3.4. Der Wortlaut des § 23 KKG steht aber einer verfassungskonformen Interpretation, wonach dann, wenn ausnahmsweise der Mieter eines Wohnungseigentümers Wasserabnehmer und damit Gebührenschuldner ist, in teleologischer Reduktion des Wortlautes nur der vermietende Wohnungseigentümer als Haftender nach § 23 KKG in Betracht kommt, nicht entgegen.

3.5. Der Verfassungsgerichtshof muss aus Anlass dieses Falles nicht beurteilen, ob diese bei verfassungskonformer Interpretation gebotene Einschränkung auch dann gilt, wenn bei einem Wohnungseigentumsobjekt, das nicht von der allgemeinen Wasserversorgungsanlage versorgt wird, sondern über eine eigene Abzweigleitung mit Zähler verfügt, der Wohnungseigentümer selbst (und nicht sein Mieter) Wasserabnehmer und damit Gebührenschuldner ist; diese Frage wird daher offen gelassen.

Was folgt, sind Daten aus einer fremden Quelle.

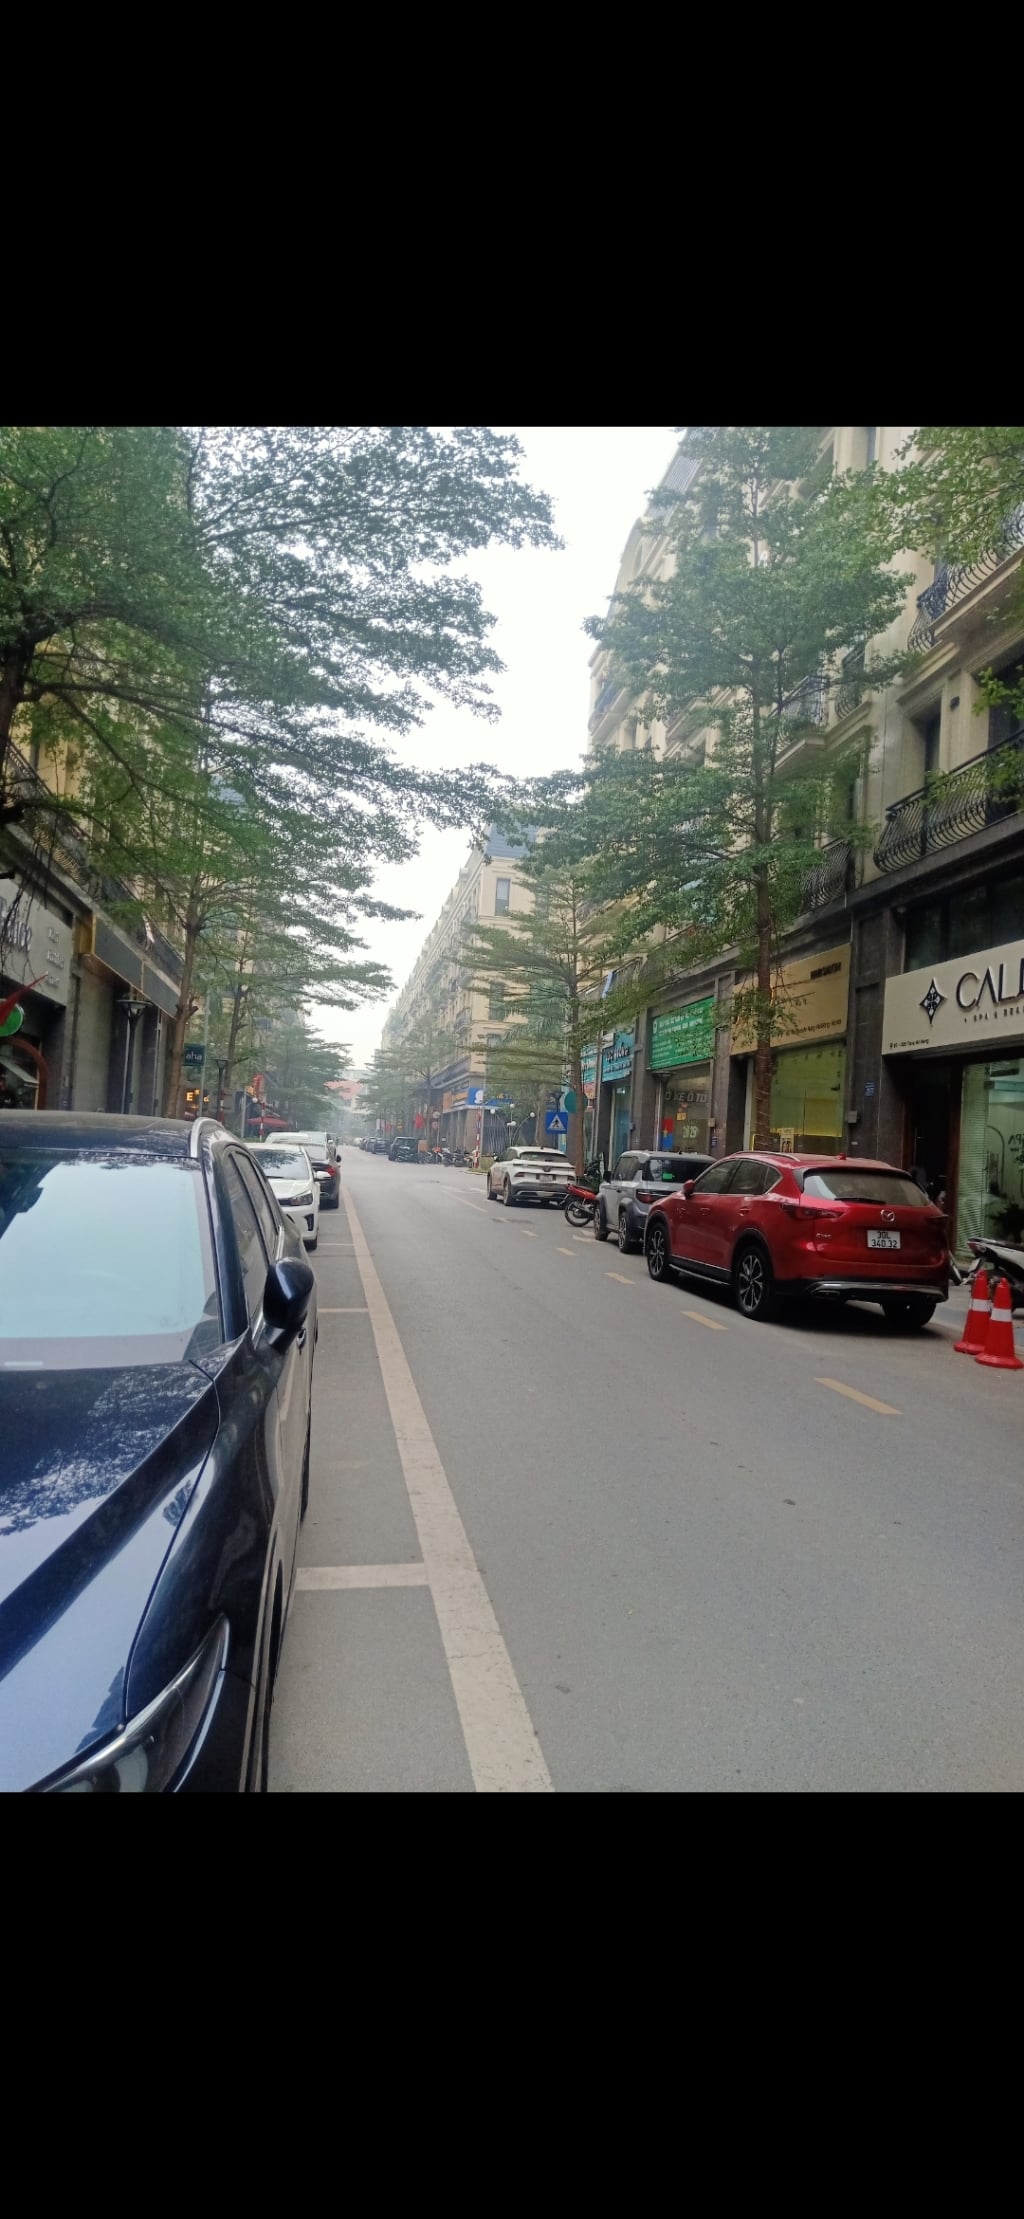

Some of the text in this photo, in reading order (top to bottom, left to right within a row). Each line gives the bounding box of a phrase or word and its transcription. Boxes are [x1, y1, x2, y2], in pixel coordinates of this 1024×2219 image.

[956, 958, 1024, 1009] CAL
[185, 1050, 202, 1061] aha
[877, 1231, 891, 1239] 30L
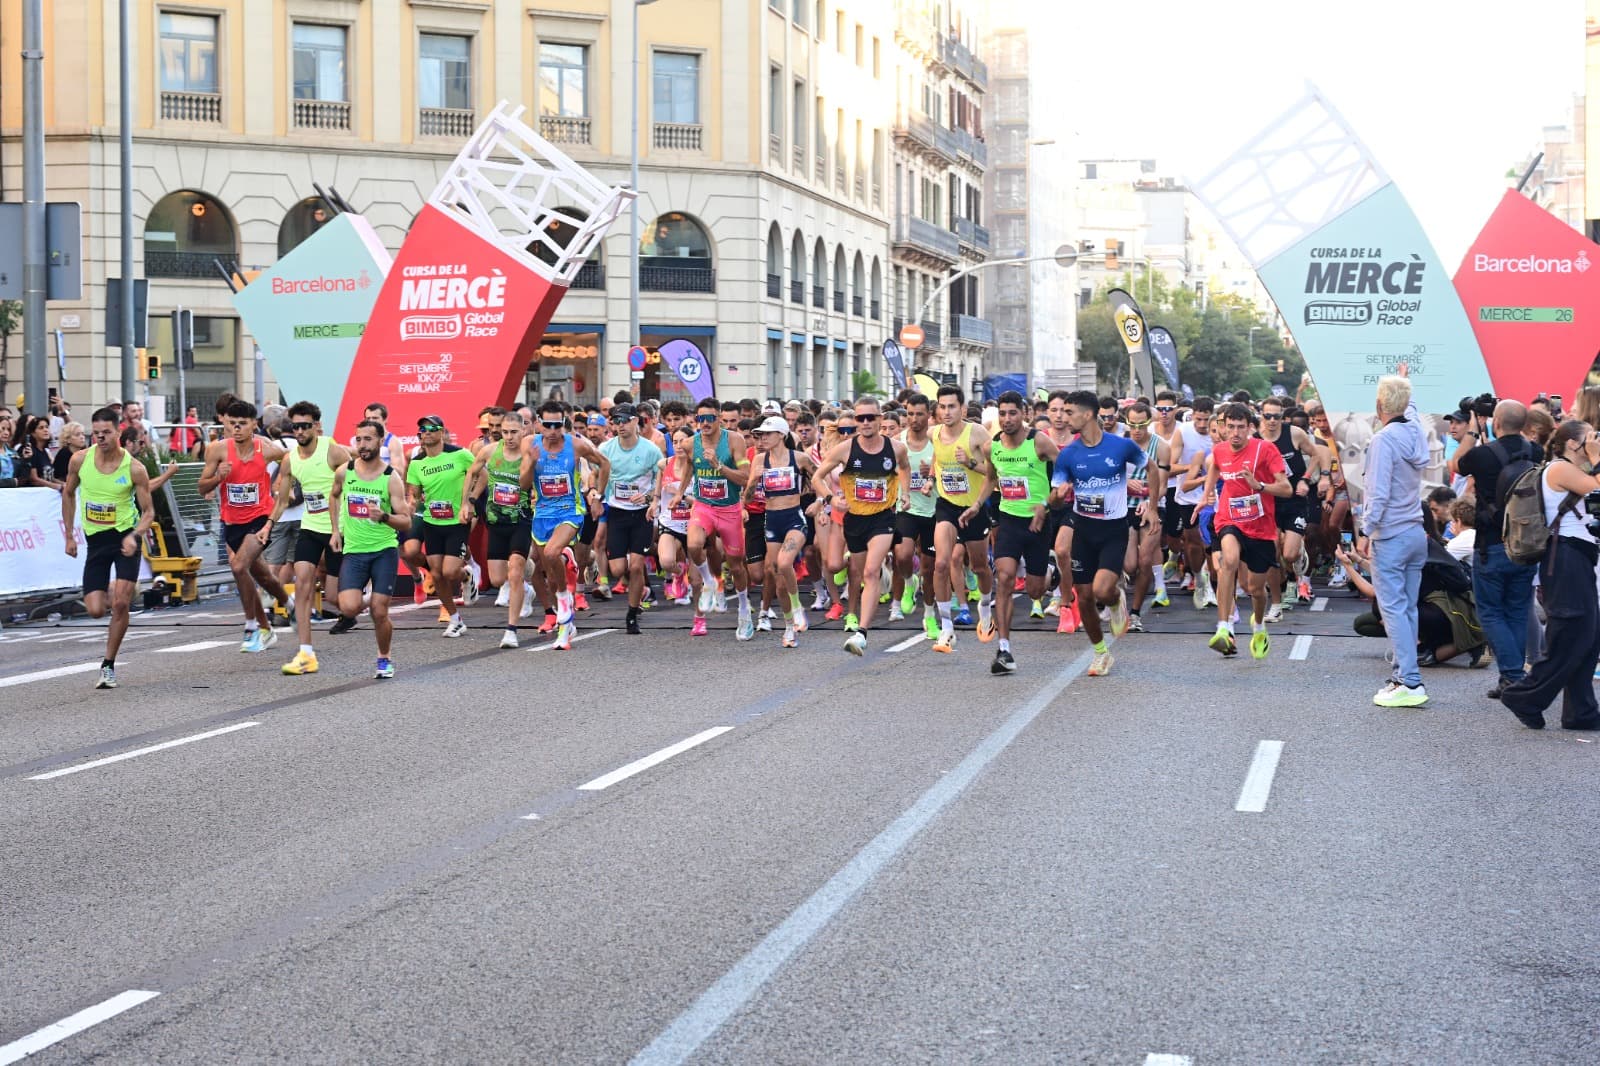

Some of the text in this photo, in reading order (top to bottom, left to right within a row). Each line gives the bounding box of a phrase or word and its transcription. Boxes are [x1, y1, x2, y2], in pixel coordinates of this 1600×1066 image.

[1310, 248, 1382, 258] CURSA DE LA
[1474, 254, 1572, 273] Barcelona
[402, 264, 467, 277] CURSA DE LA
[1304, 253, 1426, 295] MERCÈ
[272, 275, 356, 294] Barcelona
[399, 268, 507, 310] MERCÈ
[1377, 299, 1421, 312] Global
[464, 312, 504, 324] Global
[1308, 306, 1369, 320] BIMBO
[1376, 313, 1413, 325] Race
[1555, 309, 1573, 322] 26
[405, 320, 457, 335] BIMBO
[464, 325, 498, 337] Race
[1413, 344, 1426, 354] 20
[440, 353, 453, 363] 20
[399, 363, 451, 374] SETEMBRE
[398, 383, 440, 393] FAMILIAR
[864, 490, 876, 498] 29
[356, 506, 368, 514] 30
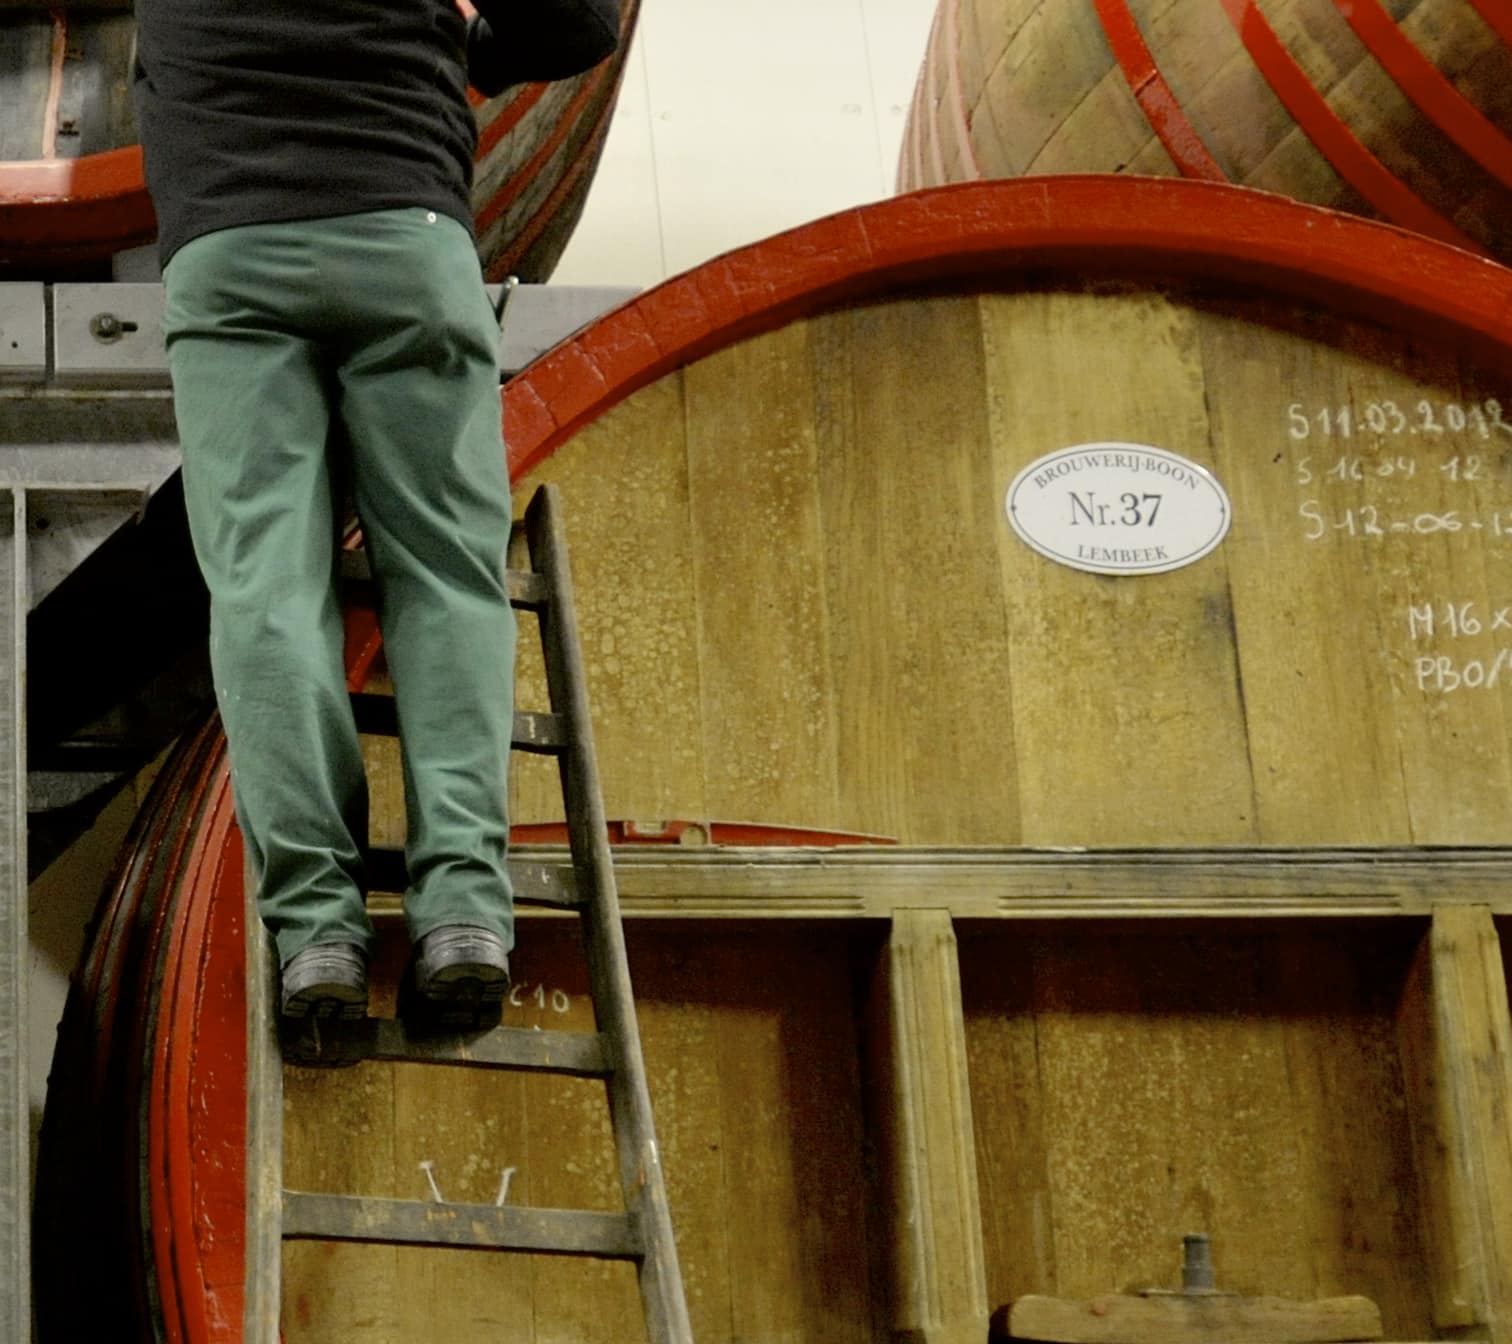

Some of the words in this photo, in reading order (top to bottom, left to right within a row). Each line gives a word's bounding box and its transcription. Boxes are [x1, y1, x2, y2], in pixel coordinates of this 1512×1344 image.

4. Da die belangte Behörde im vorliegenden Fall § 23 Abs 1 KKG einen verfassungswidrigen Inhalt unterstellt hat, hat sie den Beschwerdeführer in seinem verfassungsgesetzlich gewährleisteten Recht auf Unversehrtheit des Eigentums verletzt. Der Bescheid war daher aufzuheben.

5. Die Kostenentscheidung beruht auf § 88 VfGG. In den zugesprochenen Kosten ist Umsatzsteuer in der Höhe von € 360,-- sowie eine Eingabengebühr gemäß § 17a VfGG in der Höhe von € 180,-- enthalten.

6. Diese Entscheidung konnte gemäß § 19 Abs 4 erster Satz VfGG ohne vorangegangene mündliche Verhandlung in nichtöffentlicher Sitzung getroffen werden.